Employees demonstrate outside Bank of Khartoum on May 28, 2019 as they participate in a two-day national strike (AFP)
Sudan's alliance of opposition and protest groups held the first day of a strike on Tuesday amid tensions with the country's Transitional Military Council (TMC) over the transition to democracy.
Talks between the TMC and the Declaration of Freedom and Change Forces (DFCF) alliance are at a standstill despite weeks of negotiations over whether civilians or the military will have the majority in a proposed sovereign council that will lead the country.
Most staff in the medical sector, electricity offices and employees at the central bank as well as commercial banks observed the strike but other sectors were only partially affected.
Many shops remained open while buses were still transporting residents, a Reuters witness said.
The airport in Khartoum was operating normally, a civil aviation authority source and state news agency SUNA said.
The DFCF had said the two-day strike would encompass public and private enterprise, including the civil aviation, railway, petroleum, banking, communications and health sectors.
However, the National Umma Party, which is both a key member of the protest movement and the main opposition group of Bashir's rule, had announced on Sunday it opposed the strike plan, saying there had been no unanimous decision for a strike.
If an agreement was not reached with the TMC, the DFCF would escalate by calling for an open strike and indefinite civil disobedience until power is handed to civilians, Wagdy Saleh, a representative of a coalition within the DFCF, told a news conference.

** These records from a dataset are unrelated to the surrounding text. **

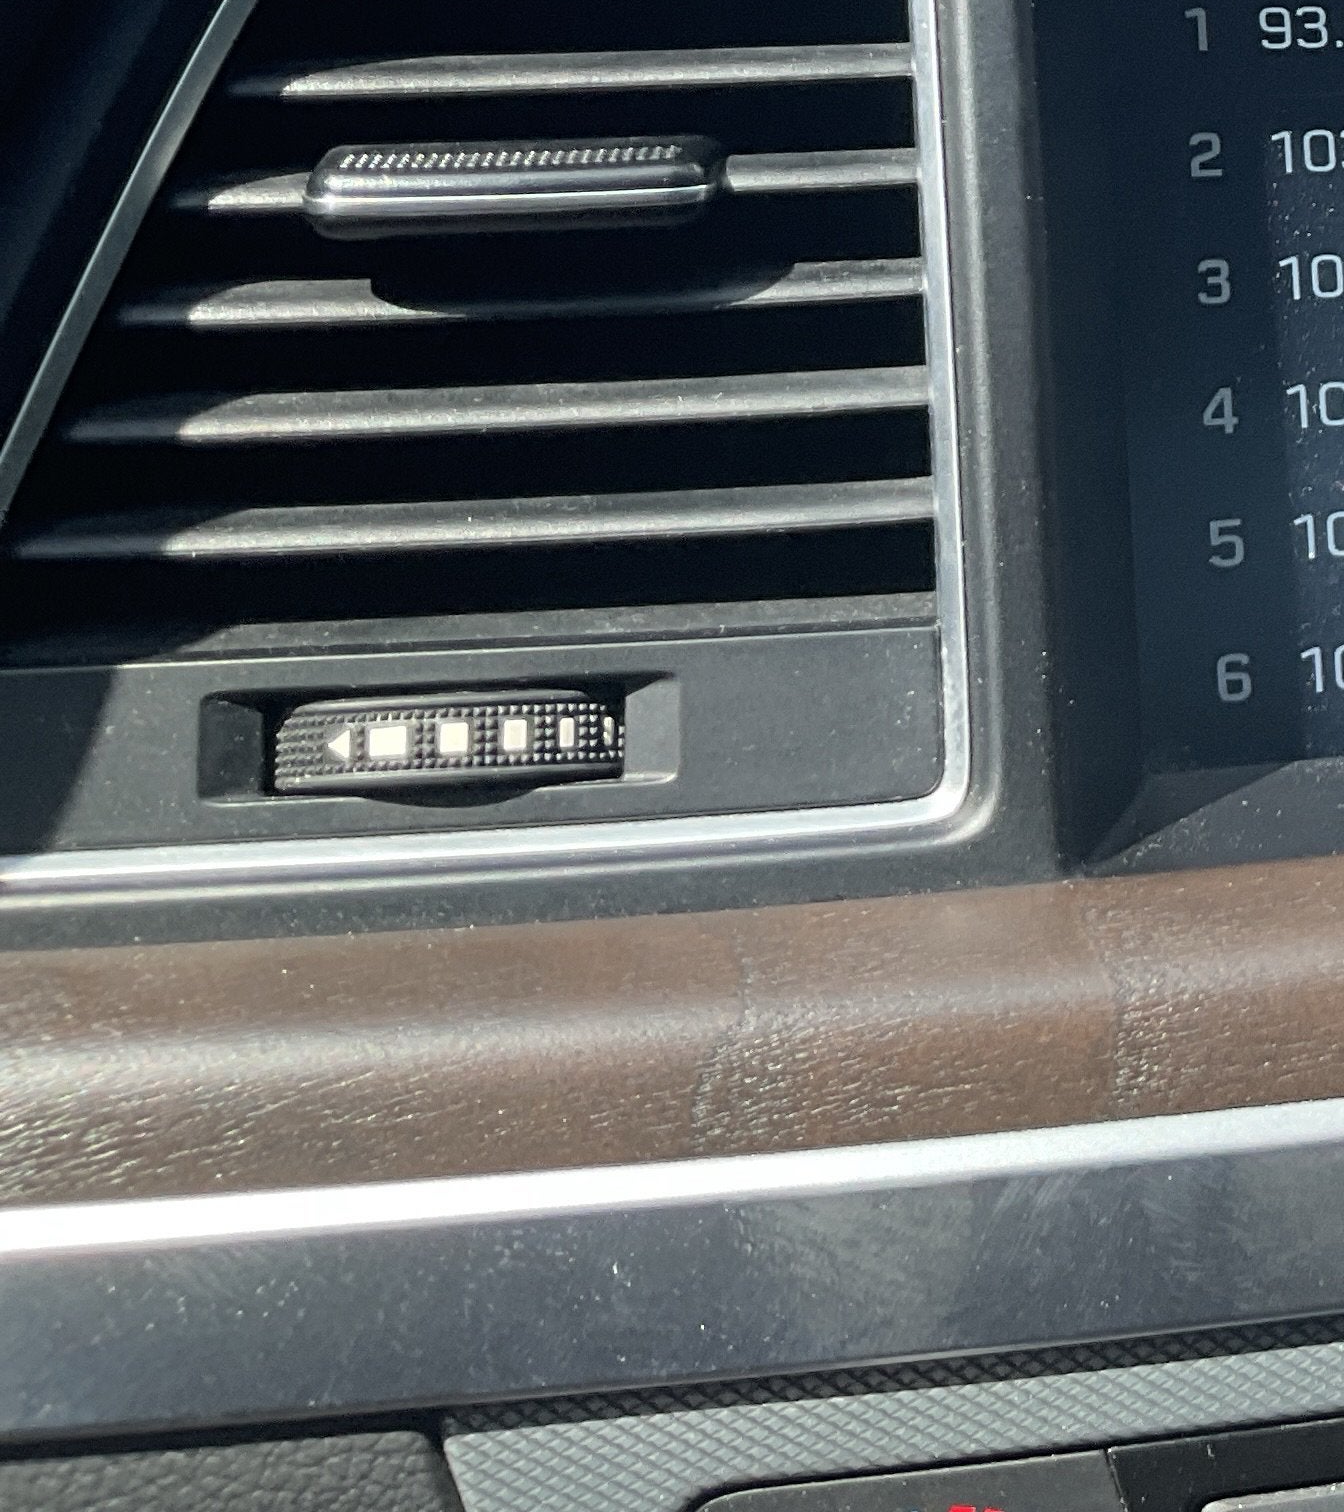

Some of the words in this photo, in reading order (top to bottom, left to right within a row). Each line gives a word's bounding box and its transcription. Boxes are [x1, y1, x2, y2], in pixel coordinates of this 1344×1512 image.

[1184, 9, 1209, 50] 1
[1189, 134, 1222, 177] 2
[1198, 260, 1231, 304] 3
[1204, 389, 1239, 433] 4
[1209, 520, 1244, 567] 5
[1216, 656, 1251, 702] 6
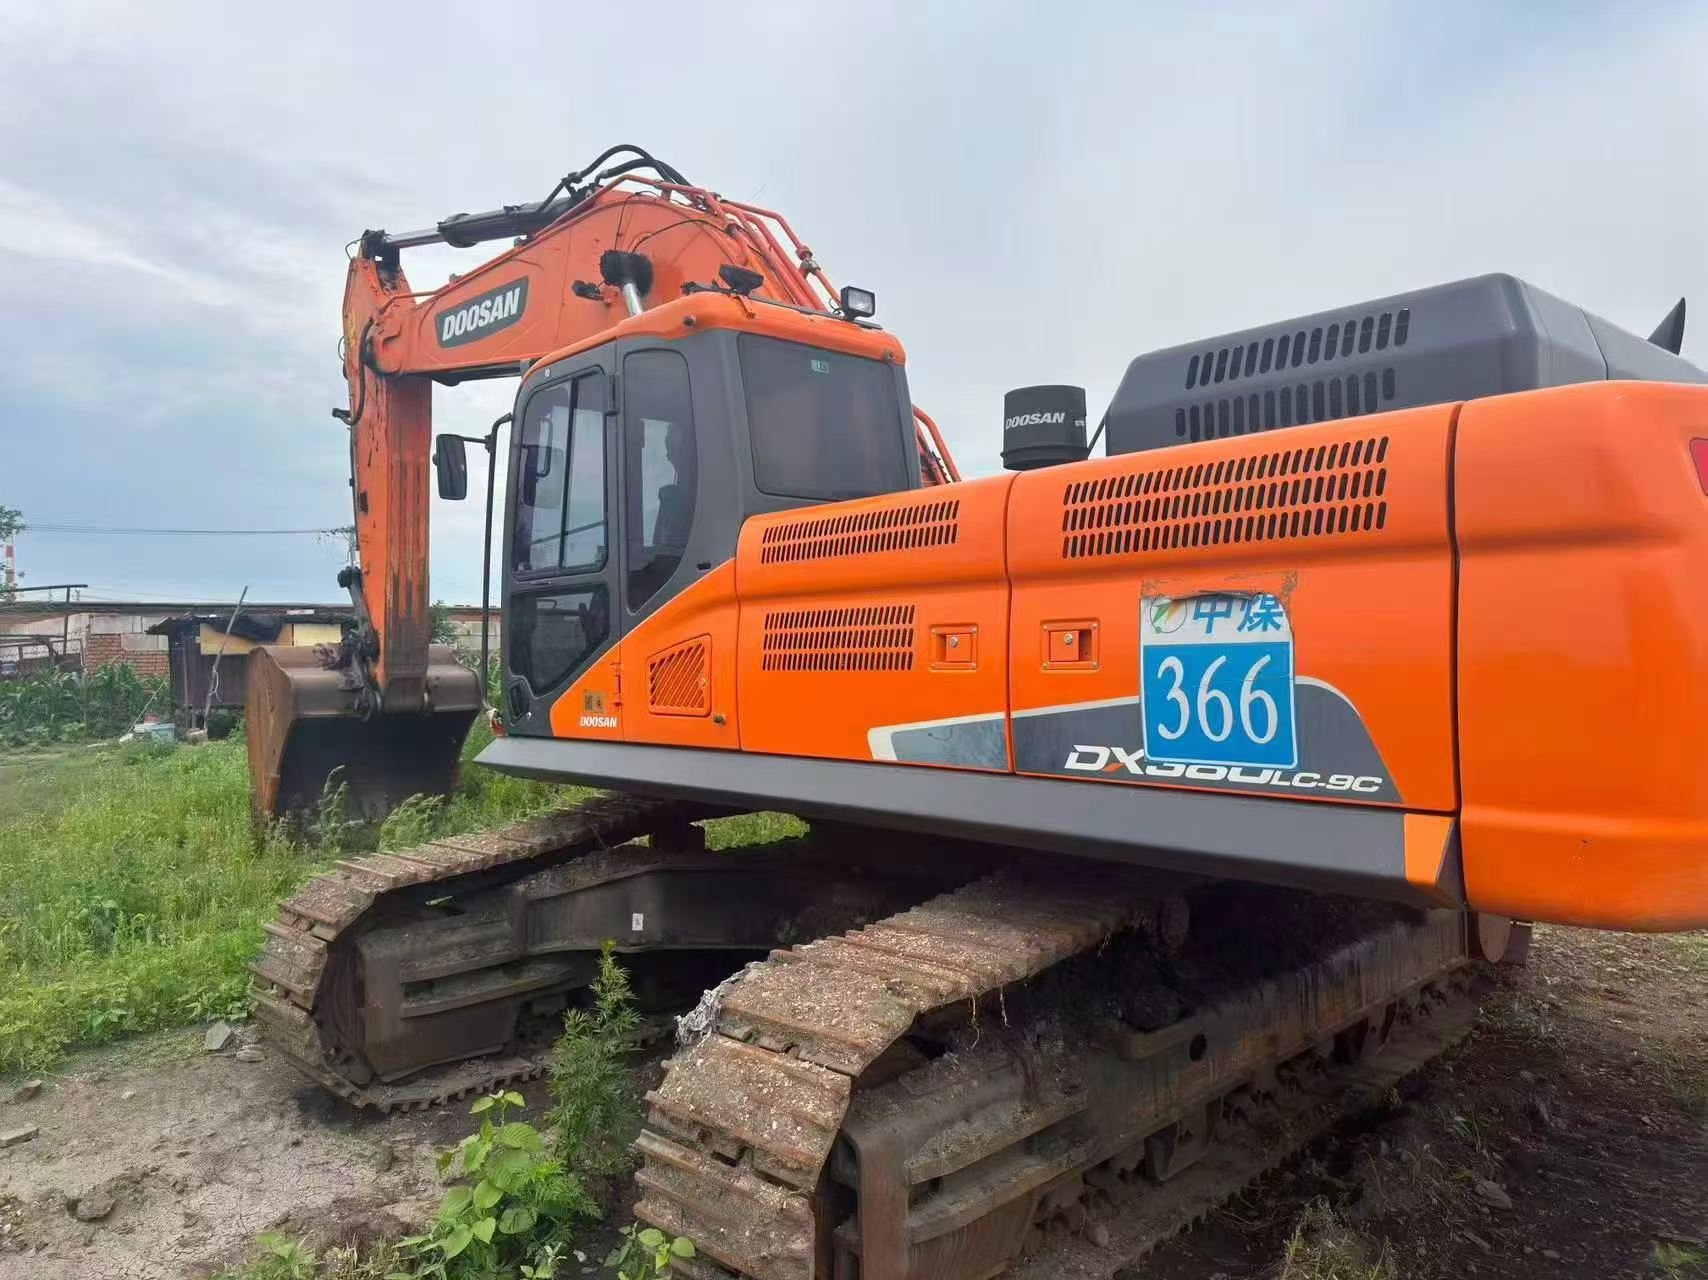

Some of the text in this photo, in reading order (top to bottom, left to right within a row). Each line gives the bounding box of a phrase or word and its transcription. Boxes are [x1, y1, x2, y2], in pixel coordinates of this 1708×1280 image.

[442, 287, 520, 341] DOOSAN
[1005, 412, 1065, 430] DOOSAN
[1157, 653, 1279, 744] 366
[580, 716, 617, 728] DOOSAN

Saleh also said the TMC had demanded a two-thirds majority of eight to three on the sovereign council that will lead the country.
The DFCF alliance wants civilians to dominate the council.
The deputy head of the TMC, Lieutenant General Mohamed Hamdan Dagalo, said on Monday that the council was ready to hand over power swiftly, but that the opposition was not being serious about sharing power and wanted to confine the military to a ceremonial role.
The TMC has suggested that elections should be held if an agreement cannot be reached between the sides.
Sudan's military council ousted and detained Bashir on April 11 after four months of mass protests against his 30-year rule.